It’s Research Wednesday! Where I share the latest, or most fascinating, in the science of friendship.
“During what the study authors called ‘uncomfortable’ weather — be it hot, humid, wet or cold — people tend to have longer phone conversations, but with a smaller circle of people than usual, including close friends and family.” (“Bad Weather Leads to Longer Chats with Family, Close Friends,” LiveScience.com, 10/10/12)
When you’re stuck indoors, what do you do? Call your besties, apparently. There’s something comforting about snuggling into the couch with the phone on one ear and committing to a long chat like old times, and we never need comfort more than when the world outside our windows is keeping us indoors.

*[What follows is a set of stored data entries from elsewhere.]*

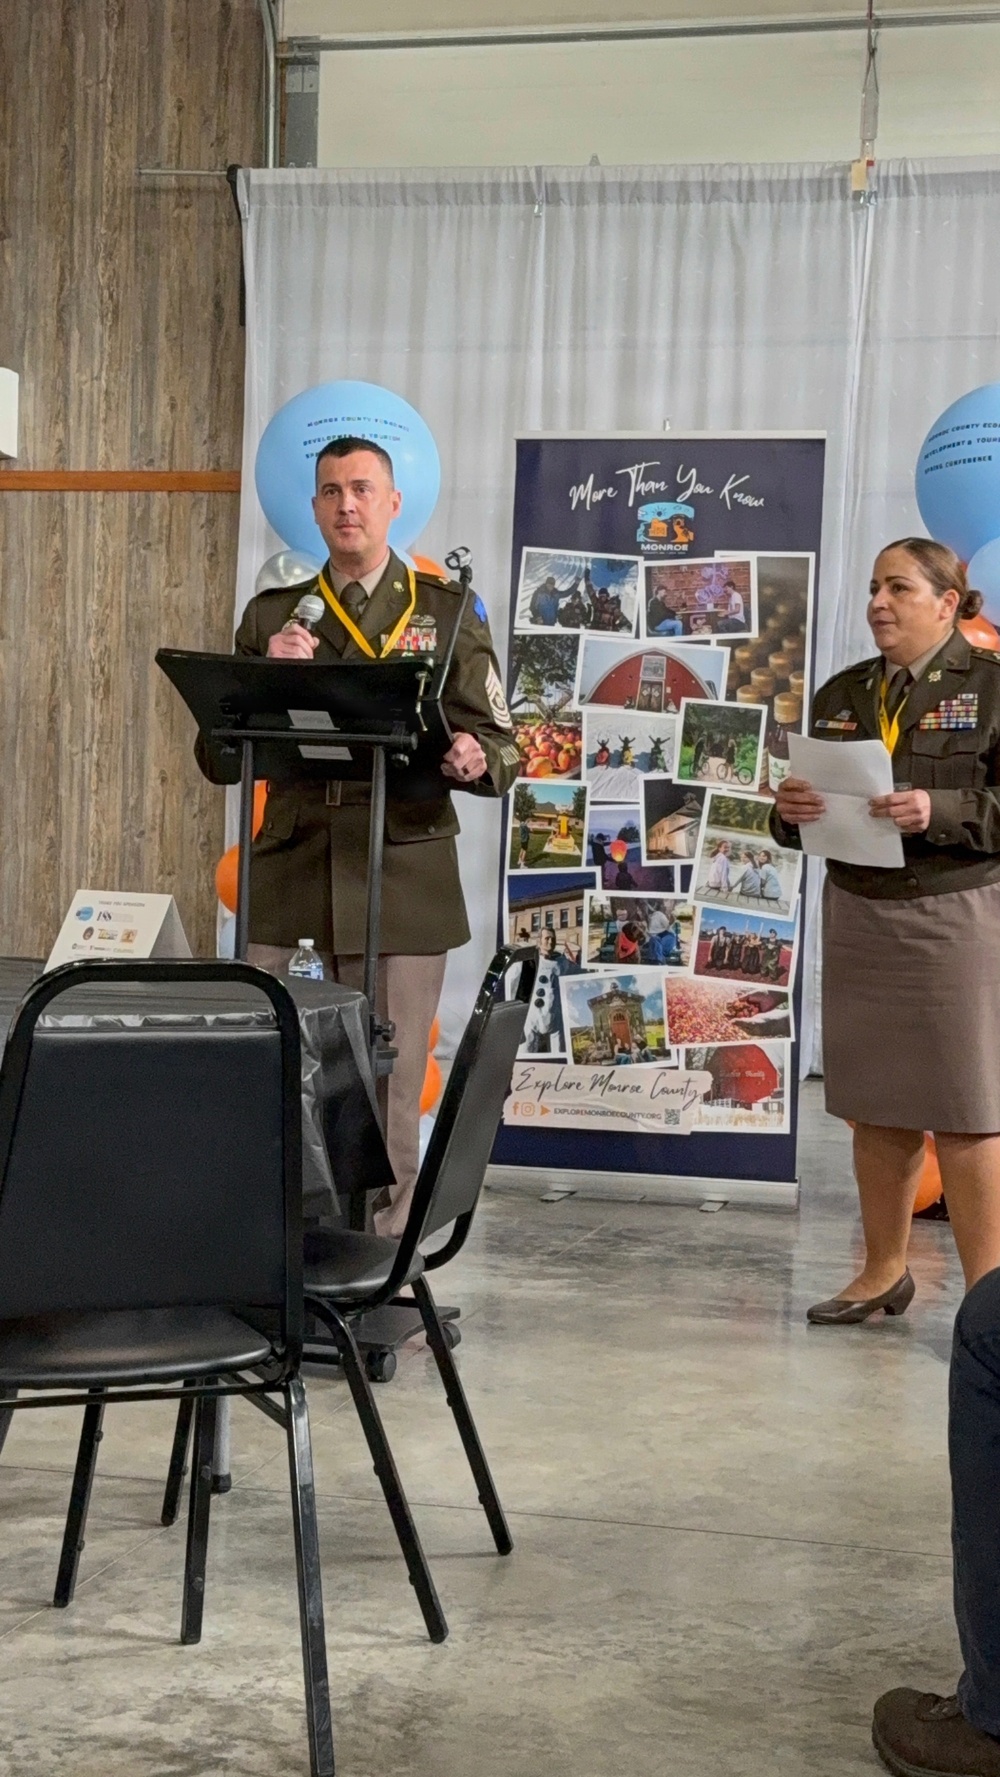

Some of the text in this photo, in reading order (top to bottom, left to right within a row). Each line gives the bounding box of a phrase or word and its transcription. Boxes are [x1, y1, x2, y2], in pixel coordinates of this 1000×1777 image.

[951, 423, 980, 432] COUNTY
[924, 439, 966, 460] DEVELOPMENT
[924, 455, 992, 475] SPRING CONFERENCE
[569, 461, 765, 510] More Than You Know
[641, 543, 689, 551] MONROE
[515, 1066, 699, 1112] Explore Monroe County
[553, 1107, 662, 1120] EXPLOREMONROECOUNTY.ORG
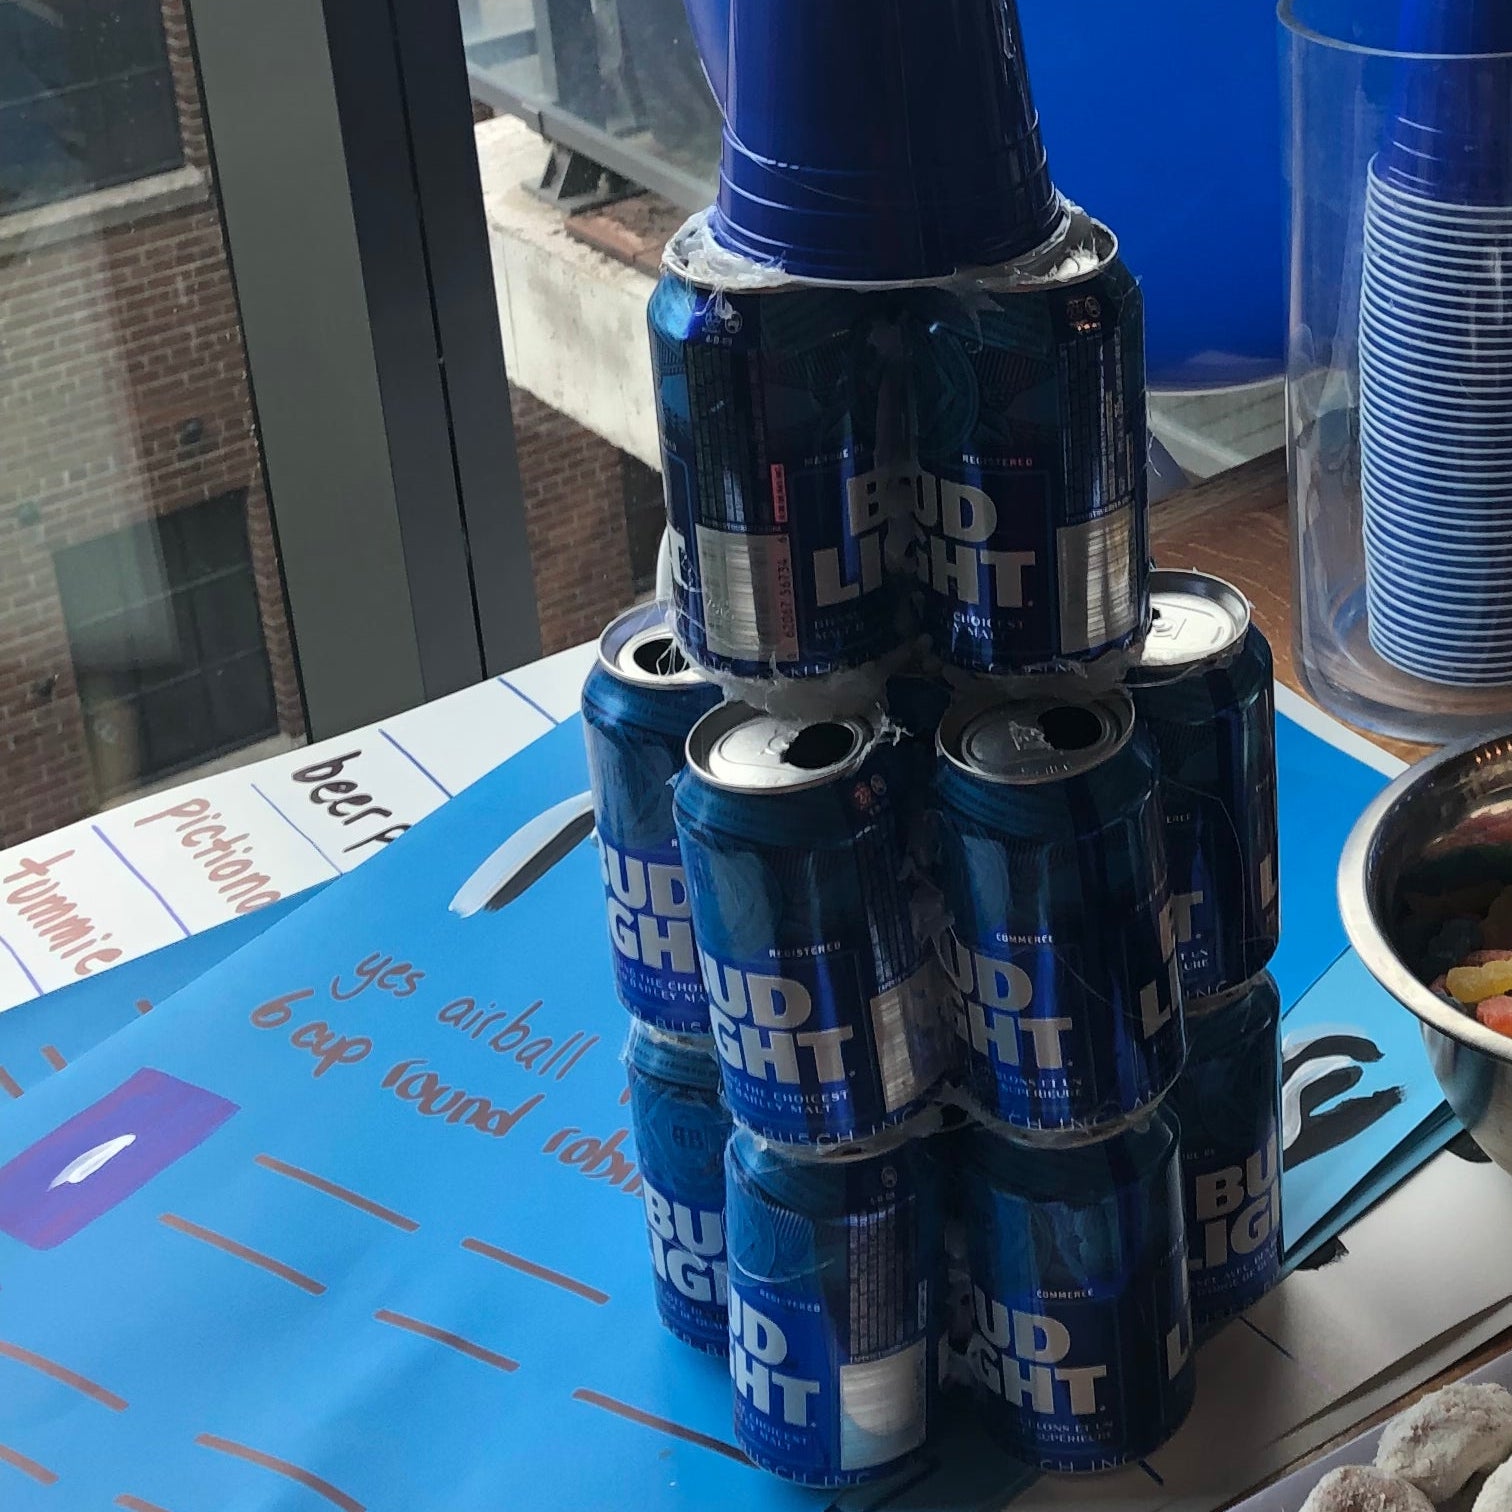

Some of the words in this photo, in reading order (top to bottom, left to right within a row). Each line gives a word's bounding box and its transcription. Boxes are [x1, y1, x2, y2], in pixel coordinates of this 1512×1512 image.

[292, 748, 393, 833] beer
[603, 843, 692, 919] UD
[697, 946, 811, 1030] UD
[768, 941, 842, 959] REGISTERED
[949, 935, 1033, 1013] UD
[332, 950, 425, 1002] yes
[437, 996, 600, 1080] airball
[709, 1003, 855, 1085] GHT
[250, 988, 315, 1030] 6
[289, 1016, 372, 1079] cup
[380, 1058, 546, 1138] round
[642, 1174, 724, 1258] BU
[1196, 1138, 1278, 1223] BU
[728, 1285, 788, 1368] UD
[973, 1283, 1070, 1365] UD
[966, 1333, 1107, 1417] GHT
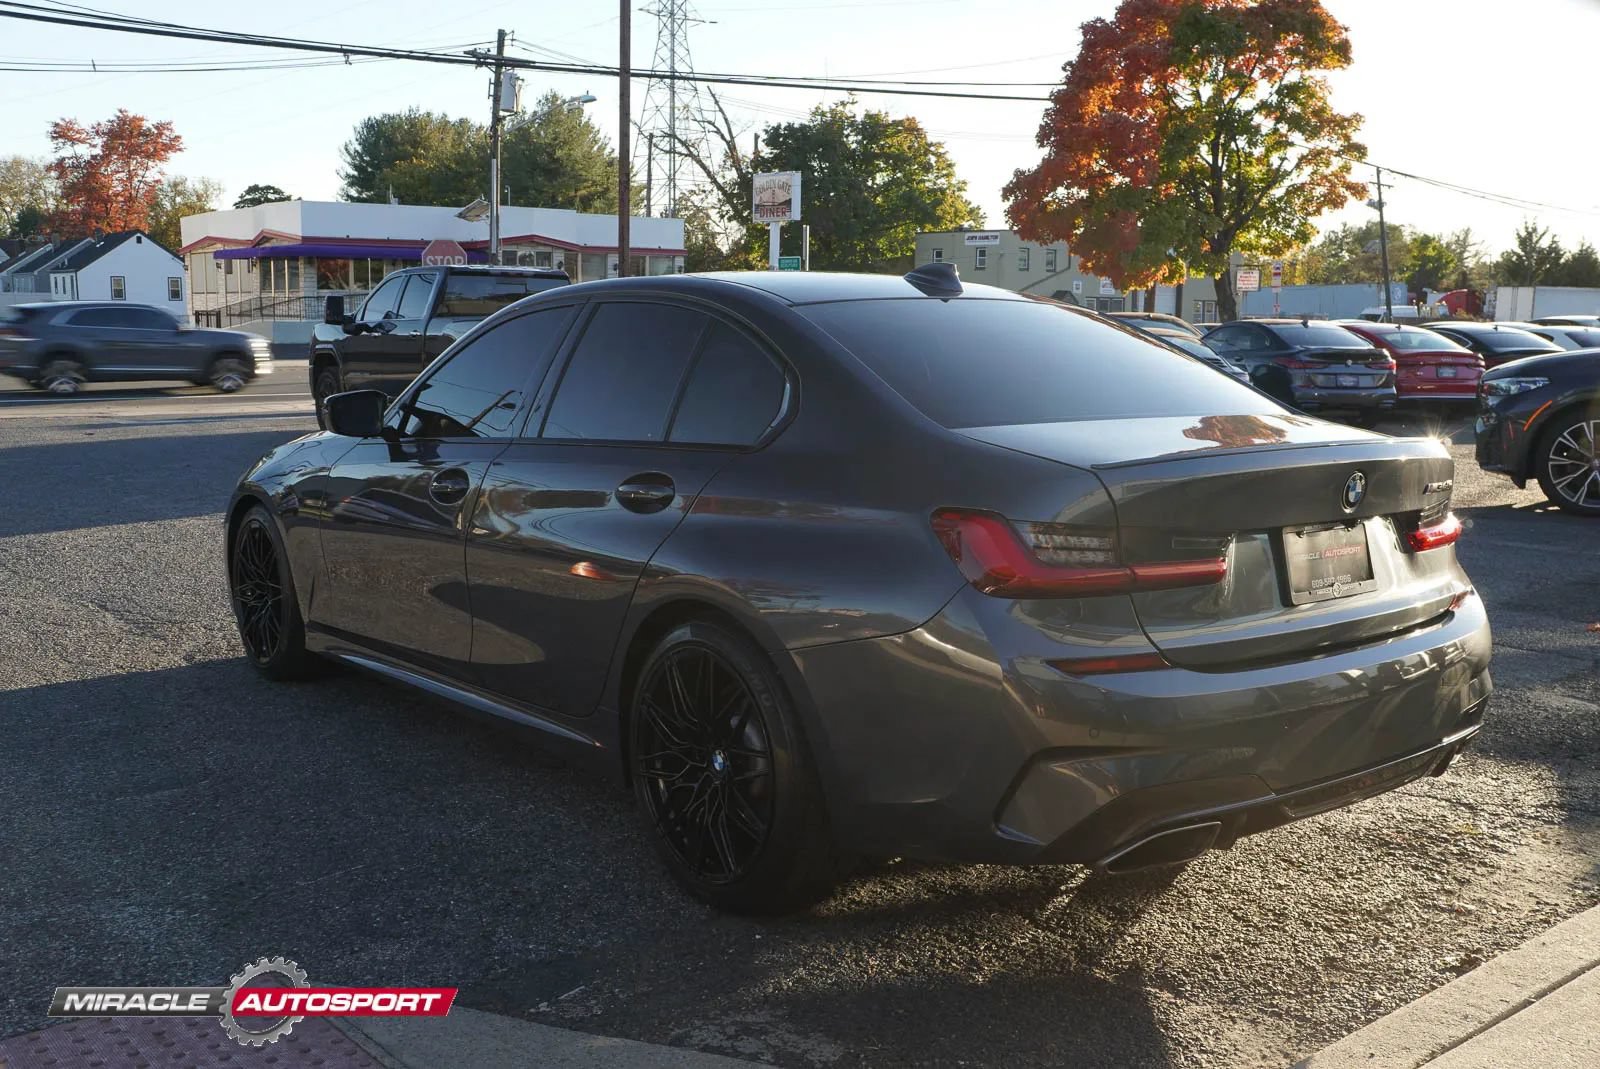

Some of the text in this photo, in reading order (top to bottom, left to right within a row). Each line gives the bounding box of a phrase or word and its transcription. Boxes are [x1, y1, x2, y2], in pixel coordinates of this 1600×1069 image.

[755, 179, 792, 196] GOLDEN GATE
[759, 207, 787, 218] DINER
[426, 255, 465, 267] STOP
[1324, 545, 1362, 558] AUTOSPORT

It’s not that we talk on the phone more when it’s gross out, according to researchers, just that our phone habits change. “We found that during uncomfortable weather, our ‘ringing anyone’ behavior declined, talking on the phone for longer to our close friends and family more than our wider network,” said Santi Phithakkitnukoon, co-author of this study.
The researchers put forth a couple of reasons for this: Maybe bad weather increases our feeling of isolation, so we reach out to stay connected. Or maybe bad weather simply makes it harder to interact with anyone face to face, so we go the next best route.
What do you think? Do you tend to call BFFs more when it’s gross out? (I’ve never noticed this phenomenon myself, but I’ll be paying attention now.) Why?